"Are you hearing the thing about margin pressure from the IT companies or the BPM companies? You look at us, FirstSource, WNS and Genpact or any other BPM companies. Look at their margin territory and see if you see what is happening in IT is happening here.This is not happening in BPO," said Partha De Sarkar, the CEO of Hinduja Global Services on Tuesday.
India's people driven Information technology services firms such as TCS, Infosys and Cognizant have cut revenue forecast for the quarter ahead as they see clients cut or slow projects due to business uncertainty. The biggest fallout on IT services firms has been due to banks freezing IT investments or shelving projects after Britain's decision to exit Europe, fearing shrinking market size for business.
"The pricing is important but with the right partners you can build right partnership. BPM and IT are completely different DNA, one is orange and apple, the work is and the effects on margins are very different," said Ramkrishan P Hinduja, chairman of HGS.

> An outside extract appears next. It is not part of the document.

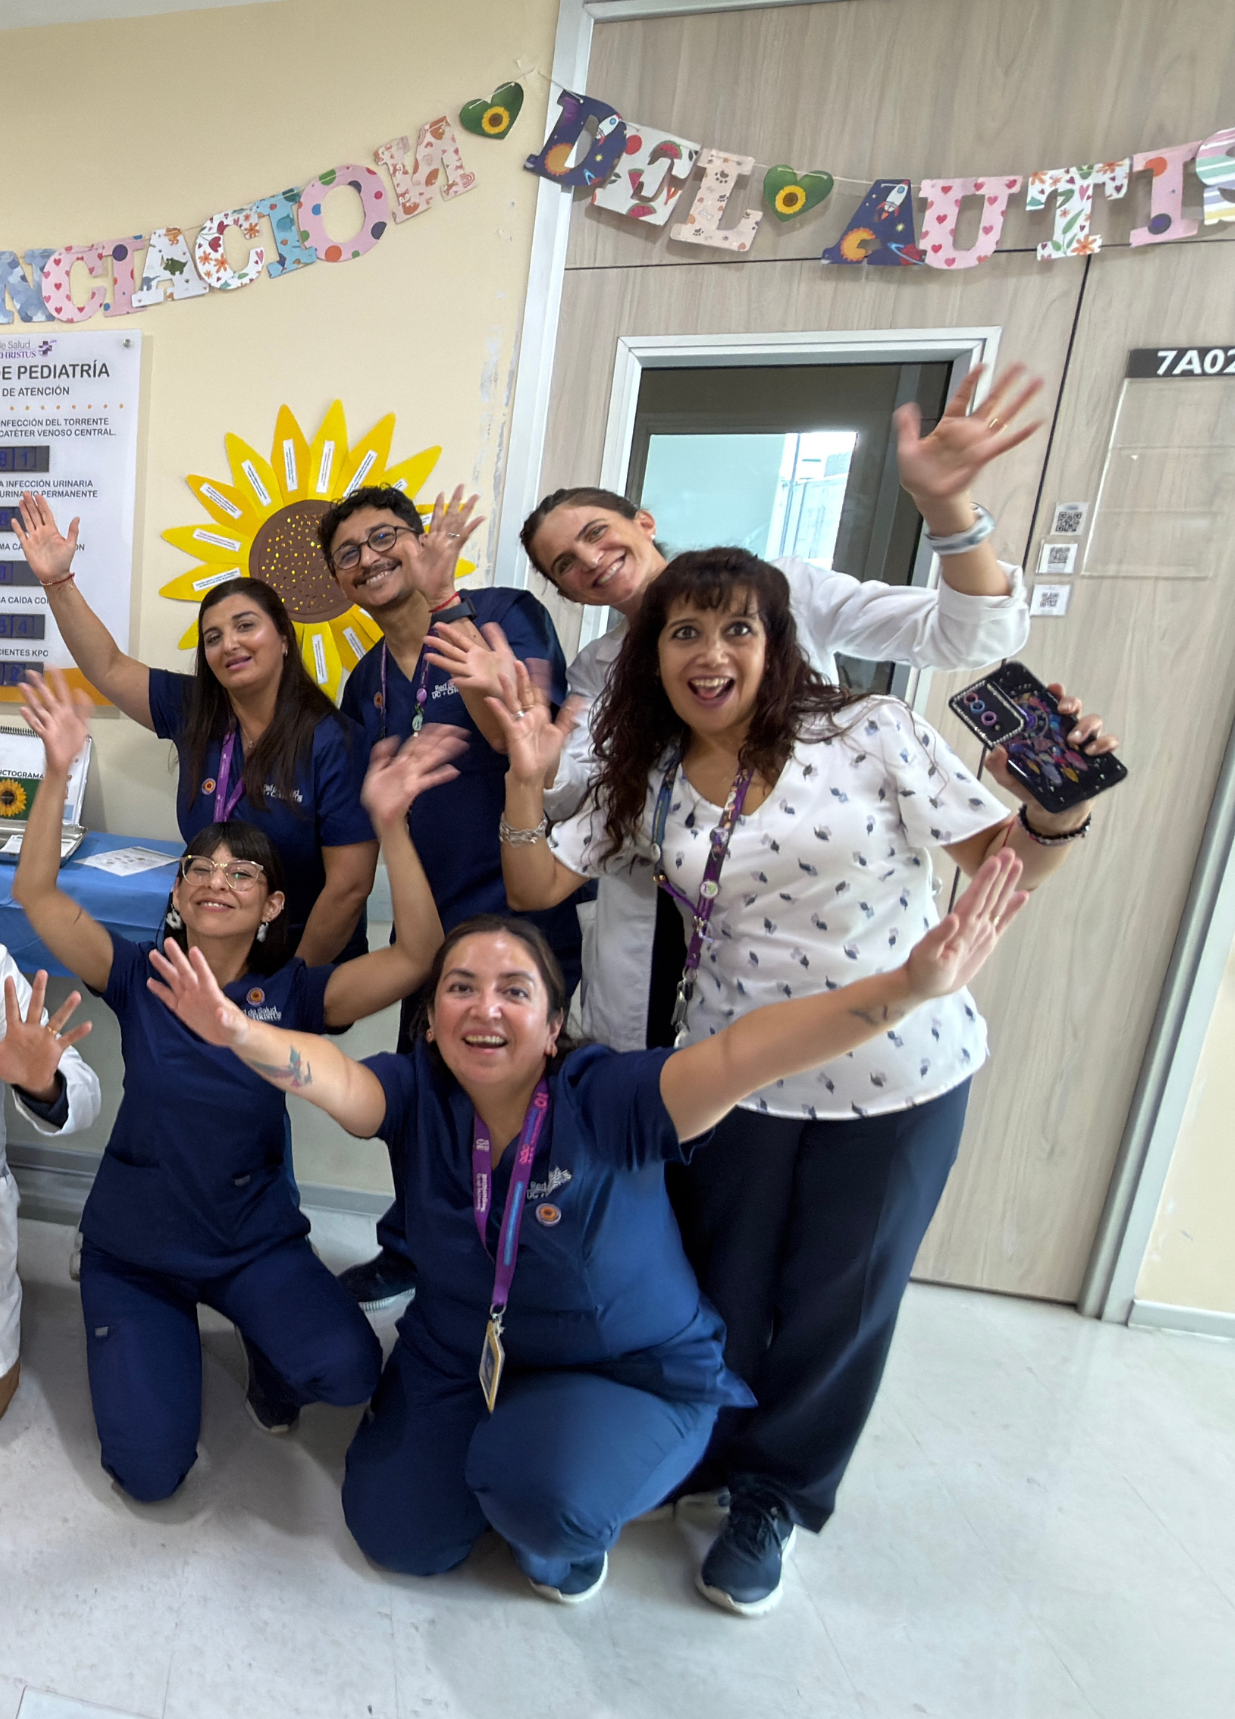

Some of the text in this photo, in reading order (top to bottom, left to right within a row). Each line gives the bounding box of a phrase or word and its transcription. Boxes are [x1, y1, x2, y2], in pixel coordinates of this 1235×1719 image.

Only 15 per cent of the back office work globally is outsourced. Nearly half of the estimated $160 billion work is done by captive centres by global firms. Indian firms expect that they could tap this opportunity by focusing on efficiency and cost reduction.
"These companies themselves know the price of doing the business internally and they run a competitive pressure. It is a very matrix driven business. The companies measure how are the BPM (companies) doing as compared to my captive business, they measure the scores of cost. I do not know of a single case where the clients captive center is cheaper than the BPM centers," said Hinduja.
Also Read
Hinduja Global Solutions, said it has doubled its business in India after acquiring the local backoffice arm of Mphasis, the unit of HP last year.
The company said that the acquisition has helped them build a presence in North India, which they lacked in before because of lack of Hindi services.
"For a BPO service provider, the language we provide services is very important. The acquisition has given us capabilities to service in North India languages. It was a significant missing piece in our network," said Sarkar.